### Assignment
Go through the records and transcribe them exactly, passing over any picture.

[Records from a collection]
= Beginning of Section =

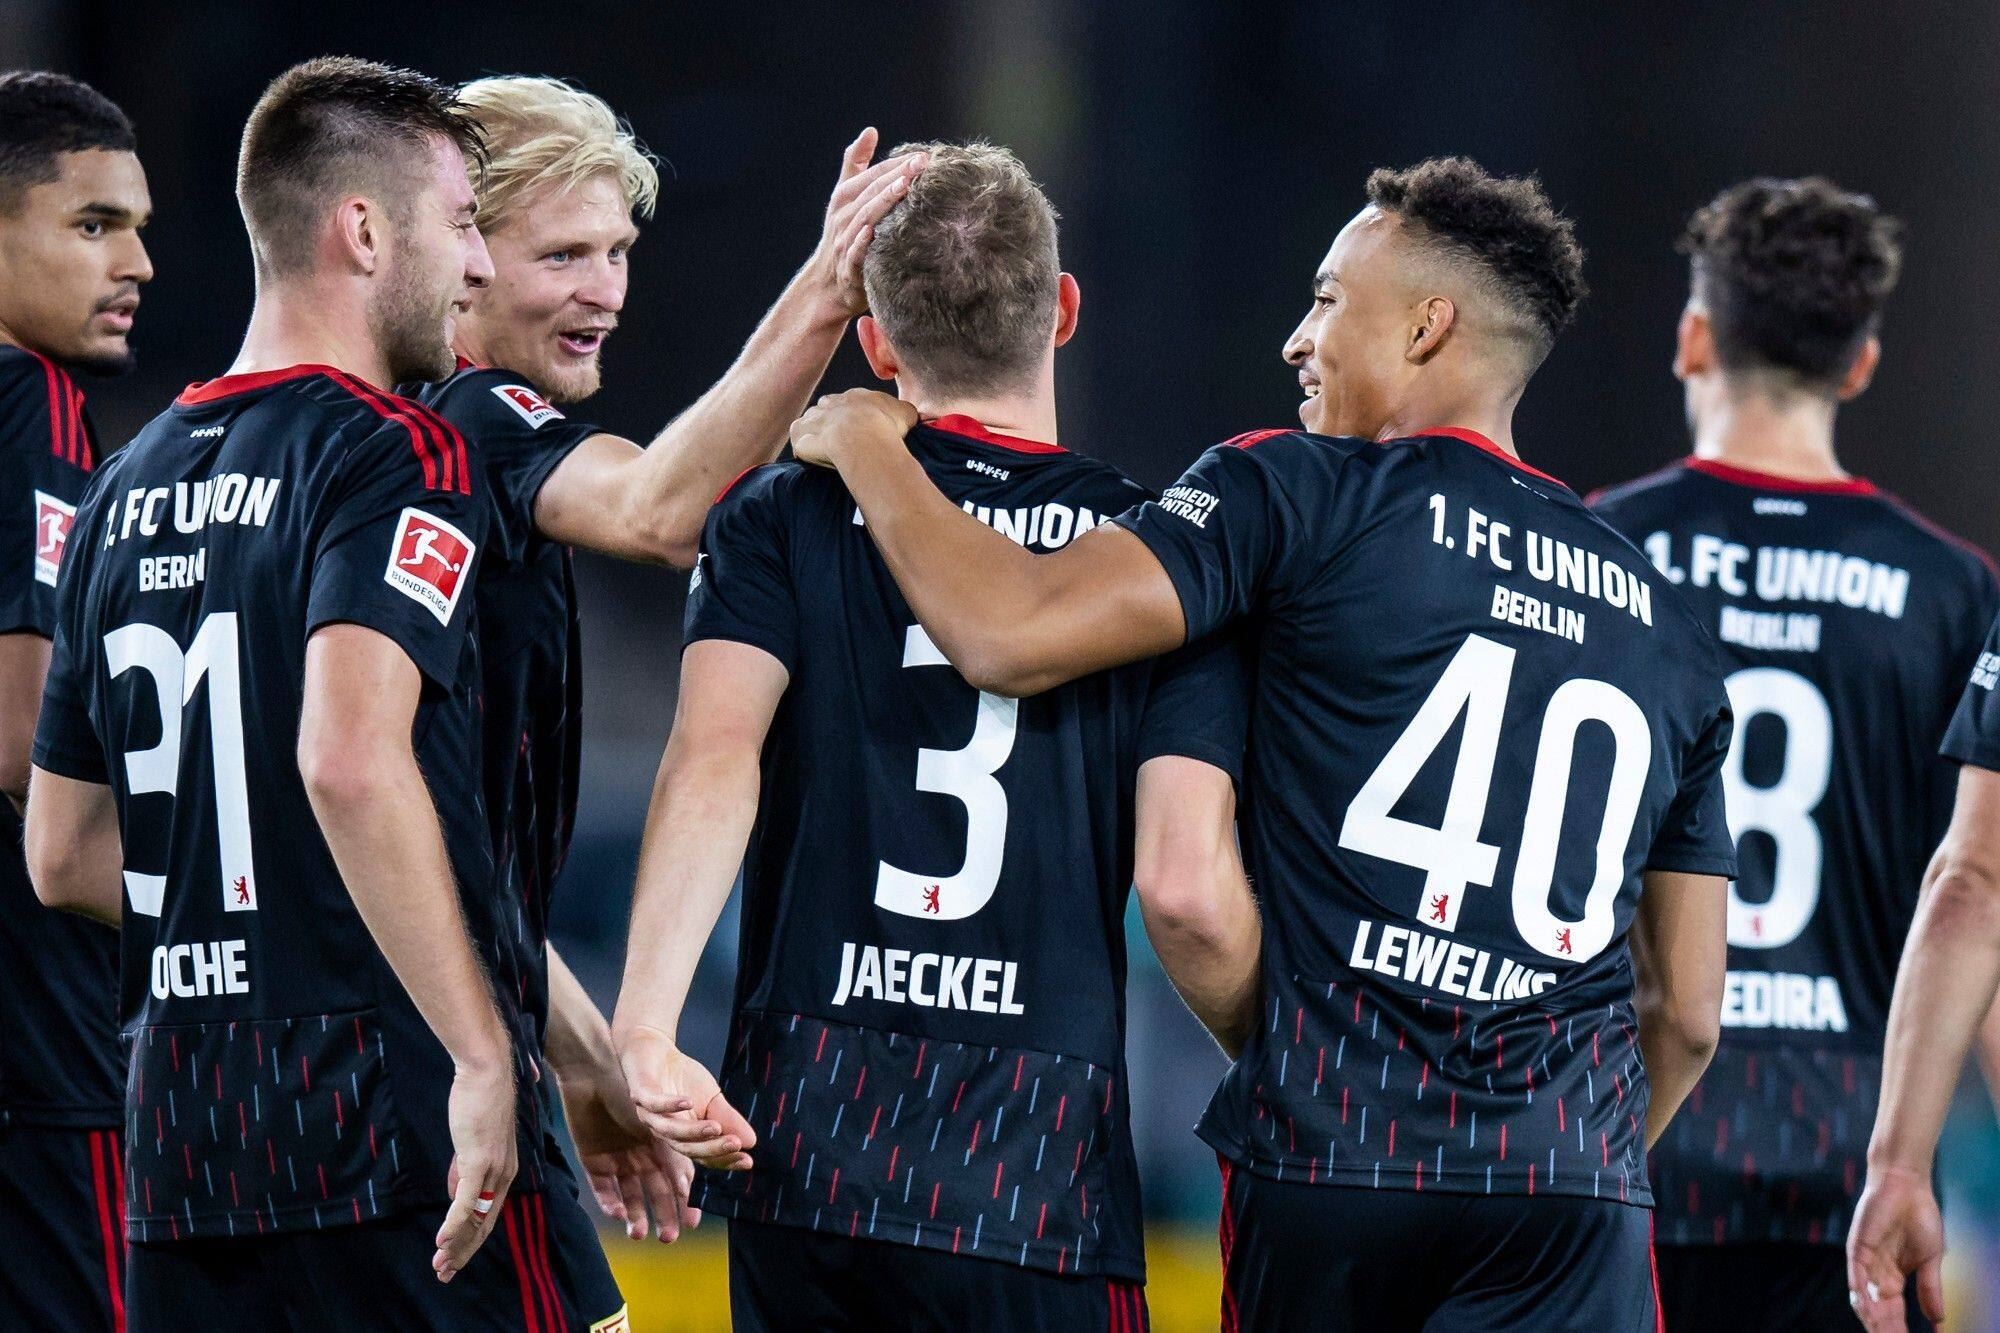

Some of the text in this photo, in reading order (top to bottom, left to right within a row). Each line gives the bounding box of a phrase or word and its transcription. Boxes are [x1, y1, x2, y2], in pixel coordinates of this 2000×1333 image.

[120, 487, 170, 540] FC
[391, 570, 447, 614] BUNDESLIGA
[1429, 493, 1653, 627] 1. FC UNION
[1644, 530, 1911, 620] 1. FC UNION
[1490, 584, 1586, 645] BERLIN
[1719, 604, 1822, 653] BERLIN
[103, 611, 259, 918] 31
[873, 623, 1019, 920] 3
[1338, 632, 1652, 963] 40
[1720, 666, 1834, 949] 8
[831, 942, 1025, 1015] JAECKEL

= End of Section =

### Completed task
Some of the text in this photo, in reading order (top to bottom, left to right within a row). Each line gives the bounding box of a phrase or word and its transcription. Boxes are [x1, y1, x2, y2], in pixel coordinates of this 2000×1333 image.

[120, 487, 170, 540] FC
[391, 570, 447, 614] BUNDESLIGA
[1429, 493, 1653, 627] 1. FC UNION
[1644, 530, 1911, 620] 1. FC UNION
[1490, 584, 1586, 645] BERLIN
[1719, 604, 1822, 653] BERLIN
[103, 611, 259, 918] 31
[873, 623, 1019, 920] 3
[1338, 632, 1652, 963] 40
[1720, 666, 1834, 949] 8
[831, 942, 1025, 1015] JAECKEL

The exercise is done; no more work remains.